*WORK TASK*.
Please return the listing exactly, line for line.

══════════

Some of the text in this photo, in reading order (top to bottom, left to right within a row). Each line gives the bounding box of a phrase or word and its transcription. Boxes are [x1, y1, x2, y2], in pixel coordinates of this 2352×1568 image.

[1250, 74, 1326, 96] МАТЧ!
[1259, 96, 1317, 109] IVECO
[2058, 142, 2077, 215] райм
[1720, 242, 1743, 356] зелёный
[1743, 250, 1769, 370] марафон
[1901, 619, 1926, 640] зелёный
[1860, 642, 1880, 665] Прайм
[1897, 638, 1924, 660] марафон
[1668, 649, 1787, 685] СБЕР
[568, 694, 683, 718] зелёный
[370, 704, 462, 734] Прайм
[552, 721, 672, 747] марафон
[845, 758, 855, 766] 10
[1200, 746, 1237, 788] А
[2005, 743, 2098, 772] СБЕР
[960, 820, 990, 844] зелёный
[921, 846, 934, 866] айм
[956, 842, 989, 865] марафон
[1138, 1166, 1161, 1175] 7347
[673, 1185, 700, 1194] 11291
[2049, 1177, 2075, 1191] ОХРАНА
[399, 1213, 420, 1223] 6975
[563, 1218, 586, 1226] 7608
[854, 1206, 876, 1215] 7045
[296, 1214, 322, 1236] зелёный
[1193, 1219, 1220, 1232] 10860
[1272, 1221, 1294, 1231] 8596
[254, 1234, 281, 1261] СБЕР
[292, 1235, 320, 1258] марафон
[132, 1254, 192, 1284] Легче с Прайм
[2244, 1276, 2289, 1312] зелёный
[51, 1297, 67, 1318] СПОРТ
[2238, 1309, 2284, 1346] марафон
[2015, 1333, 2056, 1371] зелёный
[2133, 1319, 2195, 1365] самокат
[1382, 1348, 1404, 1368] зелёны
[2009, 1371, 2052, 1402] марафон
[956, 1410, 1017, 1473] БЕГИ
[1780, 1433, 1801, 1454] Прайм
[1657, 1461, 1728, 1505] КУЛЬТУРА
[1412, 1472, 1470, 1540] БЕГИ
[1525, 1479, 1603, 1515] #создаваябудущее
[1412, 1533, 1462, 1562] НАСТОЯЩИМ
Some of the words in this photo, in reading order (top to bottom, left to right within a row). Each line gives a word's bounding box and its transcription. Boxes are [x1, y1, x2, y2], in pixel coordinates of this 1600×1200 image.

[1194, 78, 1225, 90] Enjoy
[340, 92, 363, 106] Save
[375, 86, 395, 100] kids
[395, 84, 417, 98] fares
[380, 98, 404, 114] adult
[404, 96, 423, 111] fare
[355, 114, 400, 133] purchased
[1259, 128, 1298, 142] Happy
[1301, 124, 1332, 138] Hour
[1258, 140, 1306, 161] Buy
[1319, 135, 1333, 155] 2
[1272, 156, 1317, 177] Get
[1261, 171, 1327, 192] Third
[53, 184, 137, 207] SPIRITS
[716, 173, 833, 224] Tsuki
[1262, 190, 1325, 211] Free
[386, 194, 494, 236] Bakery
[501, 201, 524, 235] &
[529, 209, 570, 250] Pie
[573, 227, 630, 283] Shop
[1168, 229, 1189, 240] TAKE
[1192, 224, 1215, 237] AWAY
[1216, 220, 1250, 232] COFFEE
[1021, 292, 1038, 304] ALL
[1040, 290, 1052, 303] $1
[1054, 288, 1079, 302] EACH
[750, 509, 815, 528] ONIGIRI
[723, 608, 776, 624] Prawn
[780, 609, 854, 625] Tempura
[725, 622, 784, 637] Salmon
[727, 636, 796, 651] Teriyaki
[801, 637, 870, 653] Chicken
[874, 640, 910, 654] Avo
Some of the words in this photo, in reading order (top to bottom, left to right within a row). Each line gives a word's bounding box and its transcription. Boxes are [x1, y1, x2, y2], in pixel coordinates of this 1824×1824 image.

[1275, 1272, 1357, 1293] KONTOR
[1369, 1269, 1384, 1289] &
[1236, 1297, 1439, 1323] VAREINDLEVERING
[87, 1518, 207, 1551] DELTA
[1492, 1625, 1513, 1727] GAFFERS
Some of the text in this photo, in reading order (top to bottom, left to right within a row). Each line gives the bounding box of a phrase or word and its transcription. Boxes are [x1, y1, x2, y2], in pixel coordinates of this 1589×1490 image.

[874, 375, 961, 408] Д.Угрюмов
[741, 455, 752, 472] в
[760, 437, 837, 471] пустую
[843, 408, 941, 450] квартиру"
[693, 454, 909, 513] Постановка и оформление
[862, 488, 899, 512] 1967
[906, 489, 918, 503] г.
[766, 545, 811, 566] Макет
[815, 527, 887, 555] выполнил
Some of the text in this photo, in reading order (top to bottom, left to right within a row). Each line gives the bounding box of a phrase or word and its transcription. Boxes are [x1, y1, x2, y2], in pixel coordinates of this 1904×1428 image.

══════════

*TASK OUTPUT*.
Some of the text in this photo, in reading order (top to bottom, left to right within a row). Each line gives the bounding box of a phrase or word and its transcription. Boxes are [x1, y1, x2, y2], in pixel coordinates of this 2352×1568 image.

[1250, 74, 1326, 96] МАТЧ!
[1259, 96, 1317, 109] IVECO
[2058, 142, 2077, 215] райм
[1720, 242, 1743, 356] зелёный
[1743, 250, 1769, 370] марафон
[1901, 619, 1926, 640] зелёный
[1860, 642, 1880, 665] Прайм
[1897, 638, 1924, 660] марафон
[1668, 649, 1787, 685] СБЕР
[568, 694, 683, 718] зелёный
[370, 704, 462, 734] Прайм
[552, 721, 672, 747] марафон
[845, 758, 855, 766] 10
[1200, 746, 1237, 788] А
[2005, 743, 2098, 772] СБЕР
[960, 820, 990, 844] зелёный
[921, 846, 934, 866] айм
[956, 842, 989, 865] марафон
[1138, 1166, 1161, 1175] 7347
[673, 1185, 700, 1194] 11291
[2049, 1177, 2075, 1191] ОХРАНА
[399, 1213, 420, 1223] 6975
[563, 1218, 586, 1226] 7608
[854, 1206, 876, 1215] 7045
[296, 1214, 322, 1236] зелёный
[1193, 1219, 1220, 1232] 10860
[1272, 1221, 1294, 1231] 8596
[254, 1234, 281, 1261] СБЕР
[292, 1235, 320, 1258] марафон
[132, 1254, 192, 1284] Легче с Прайм
[2244, 1276, 2289, 1312] зелёный
[51, 1297, 67, 1318] СПОРТ
[2238, 1309, 2284, 1346] марафон
[2015, 1333, 2056, 1371] зелёный
[2133, 1319, 2195, 1365] самокат
[1382, 1348, 1404, 1368] зелёны
[2009, 1371, 2052, 1402] марафон
[956, 1410, 1017, 1473] БЕГИ
[1780, 1433, 1801, 1454] Прайм
[1657, 1461, 1728, 1505] КУЛЬТУРА
[1412, 1472, 1470, 1540] БЕГИ
[1525, 1479, 1603, 1515] #создаваябудущее
[1412, 1533, 1462, 1562] НАСТОЯЩИМ
Some of the words in this photo, in reading order (top to bottom, left to right within a row). Each line gives a word's bounding box and its transcription. Boxes are [x1, y1, x2, y2], in pixel coordinates of this 1600×1200 image.

[1194, 78, 1225, 90] Enjoy
[340, 92, 363, 106] Save
[375, 86, 395, 100] kids
[395, 84, 417, 98] fares
[380, 98, 404, 114] adult
[404, 96, 423, 111] fare
[355, 114, 400, 133] purchased
[1259, 128, 1298, 142] Happy
[1301, 124, 1332, 138] Hour
[1258, 140, 1306, 161] Buy
[1319, 135, 1333, 155] 2
[1272, 156, 1317, 177] Get
[1261, 171, 1327, 192] Third
[53, 184, 137, 207] SPIRITS
[716, 173, 833, 224] Tsuki
[1262, 190, 1325, 211] Free
[386, 194, 494, 236] Bakery
[501, 201, 524, 235] &
[529, 209, 570, 250] Pie
[573, 227, 630, 283] Shop
[1168, 229, 1189, 240] TAKE
[1192, 224, 1215, 237] AWAY
[1216, 220, 1250, 232] COFFEE
[1021, 292, 1038, 304] ALL
[1040, 290, 1052, 303] $1
[1054, 288, 1079, 302] EACH
[750, 509, 815, 528] ONIGIRI
[723, 608, 776, 624] Prawn
[780, 609, 854, 625] Tempura
[725, 622, 784, 637] Salmon
[727, 636, 796, 651] Teriyaki
[801, 637, 870, 653] Chicken
[874, 640, 910, 654] Avo
Some of the words in this photo, in reading order (top to bottom, left to right within a row). Each line gives a word's bounding box and its transcription. Boxes are [x1, y1, x2, y2], in pixel coordinates of this 1824×1824 image.

[1275, 1272, 1357, 1293] KONTOR
[1369, 1269, 1384, 1289] &
[1236, 1297, 1439, 1323] VAREINDLEVERING
[87, 1518, 207, 1551] DELTA
[1492, 1625, 1513, 1727] GAFFERS
Some of the text in this photo, in reading order (top to bottom, left to right within a row). Each line gives the bounding box of a phrase or word and its transcription. Boxes are [x1, y1, x2, y2], in pixel coordinates of this 1589×1490 image.

[874, 375, 961, 408] Д.Угрюмов
[741, 455, 752, 472] в
[760, 437, 837, 471] пустую
[843, 408, 941, 450] квартиру"
[693, 454, 909, 513] Постановка и оформление
[862, 488, 899, 512] 1967
[906, 489, 918, 503] г.
[766, 545, 811, 566] Макет
[815, 527, 887, 555] выполнил
Some of the text in this photo, in reading order (top to bottom, left to right within a row). Each line gives the bounding box of a phrase or word and its transcription. Boxes are [x1, y1, x2, y2], in pixel coordinates of this 1904×1428 image.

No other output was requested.